Although the VPL has dozens of branches all over the city, my favorite location is the central library in downtown Vancouver. You might have noticed that I have an affinity for libraries having visited the Peabody Library, the Grimm Zentrum, and the Library of Congress on several occasions
The central library isn’t the largest one in the world, but it does have some of the most varied collections I’ve seen in a library. The second floor houses literature in French, German, and other world languages and its digital library also has a sizeable collection. My favorite thing about the central library is the Inspiration Lab, it shows that libraries of the 21st century don’t just exist for people to read existing literature, but is also a space to remove the traditional gatekeepers of the publishing industry and allow everyone the opportunity to create content.
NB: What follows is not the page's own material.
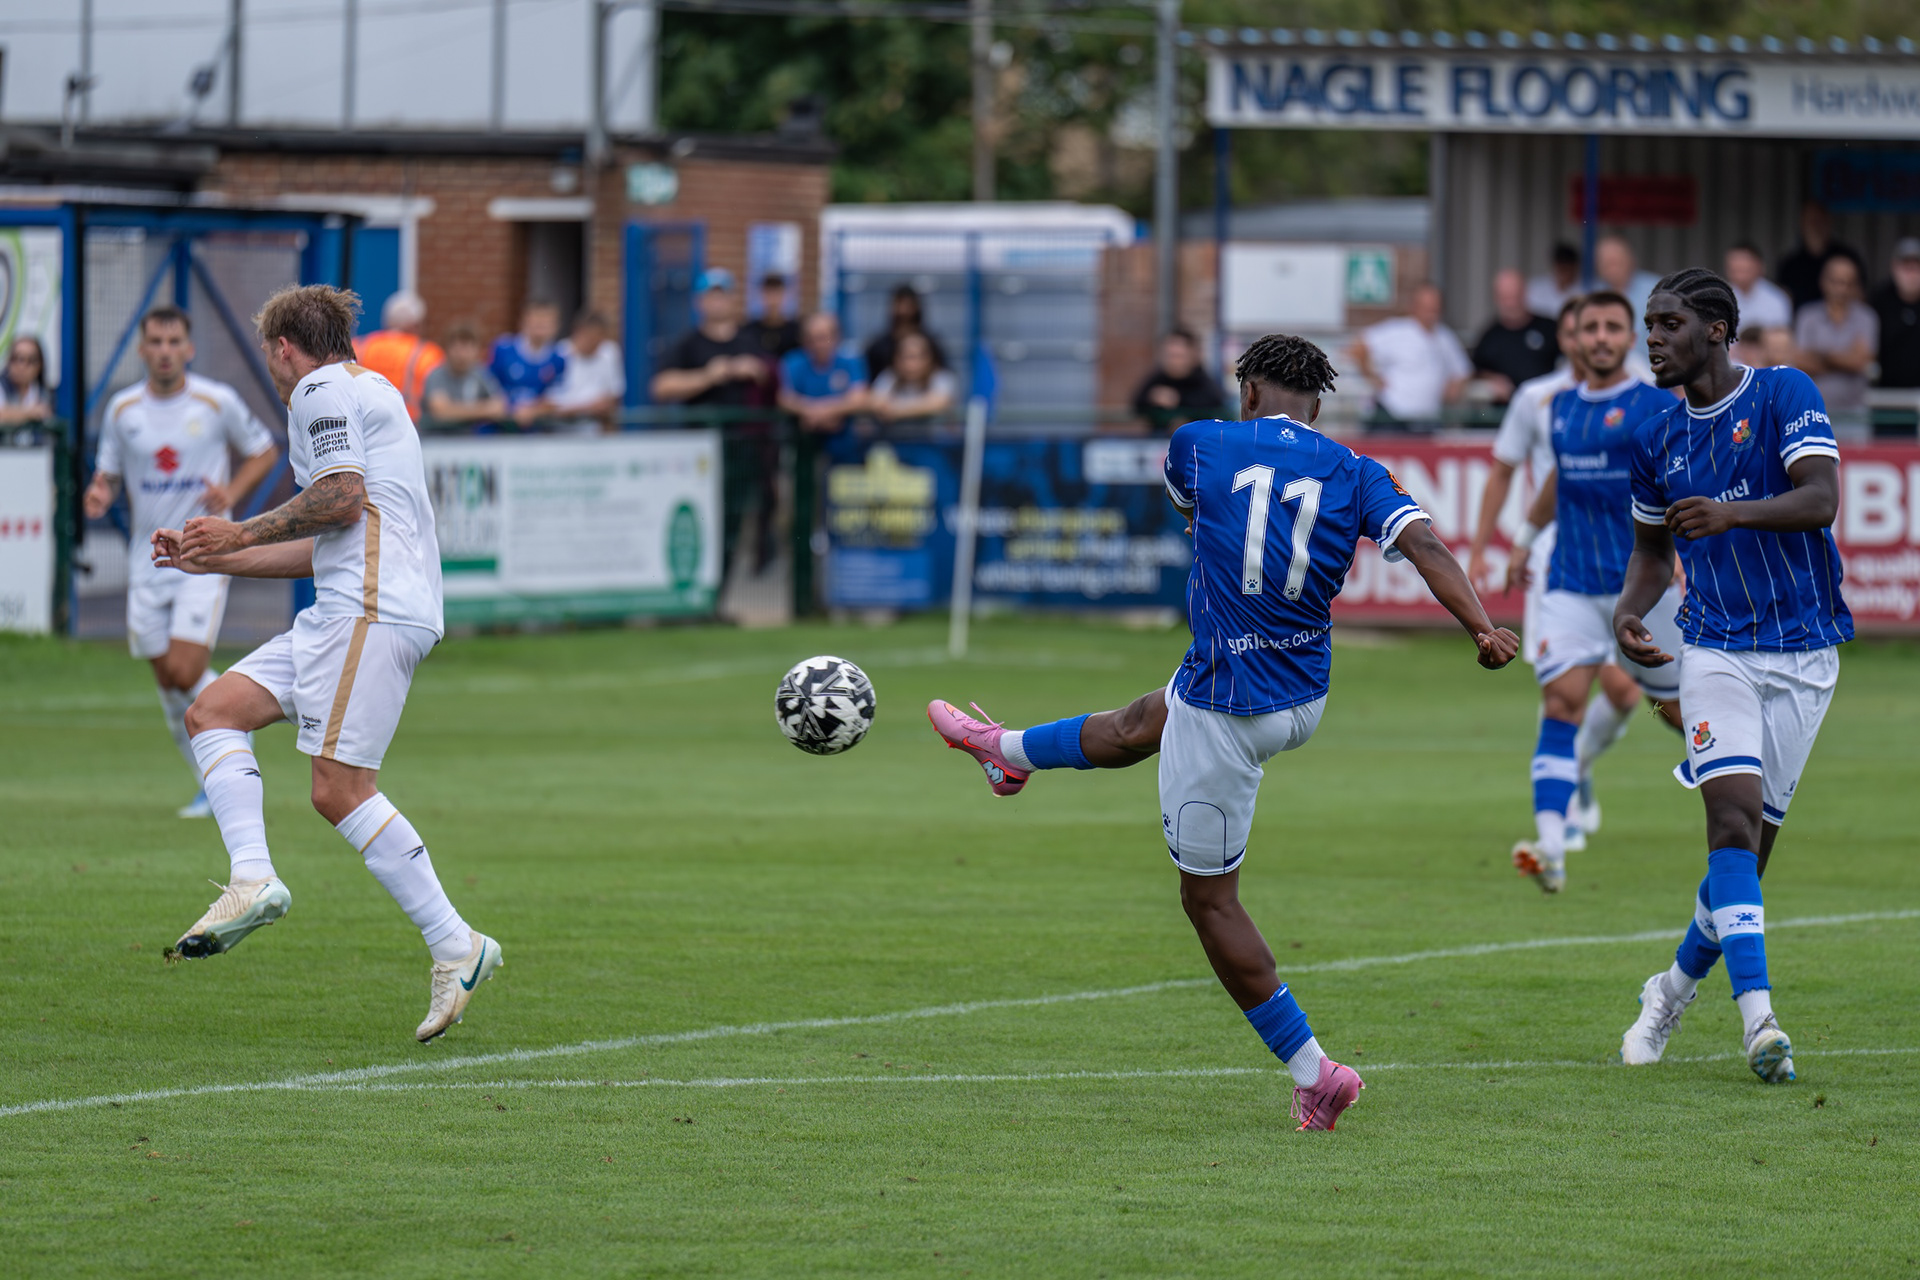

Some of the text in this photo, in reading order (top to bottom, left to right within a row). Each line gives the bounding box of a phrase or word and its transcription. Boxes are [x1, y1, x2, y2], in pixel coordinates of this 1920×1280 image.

Here, you can find recording studios for video and voice, high-end computers with video- and photo-editing suites, as well as digitization stations. Users can start their own YouTube channel from scratch here with their professional cameras and recording equipment, studios even come complete with green screens and sound absorbing walls. This is the future, the democratization of content creation as well as lowering the barriers of entry to be seen by others. Those with old VHS tapes from their aunt like me can use the digitization stations to convert tapes into DVDs or mpg files onto a USB stick.
If you are a resident of the City of Vancouver all of these facilities can be used for free with a valid library card. Visitors and guests from nearby cities who have reciprocal agreements with Vancouver can also obtain their library card for a nominal fee. My aunt told me to go as soon as I could because she wasn’t sure how long those machines would be around for.
VCR did kill the radio star, but DVDs killed the VCR.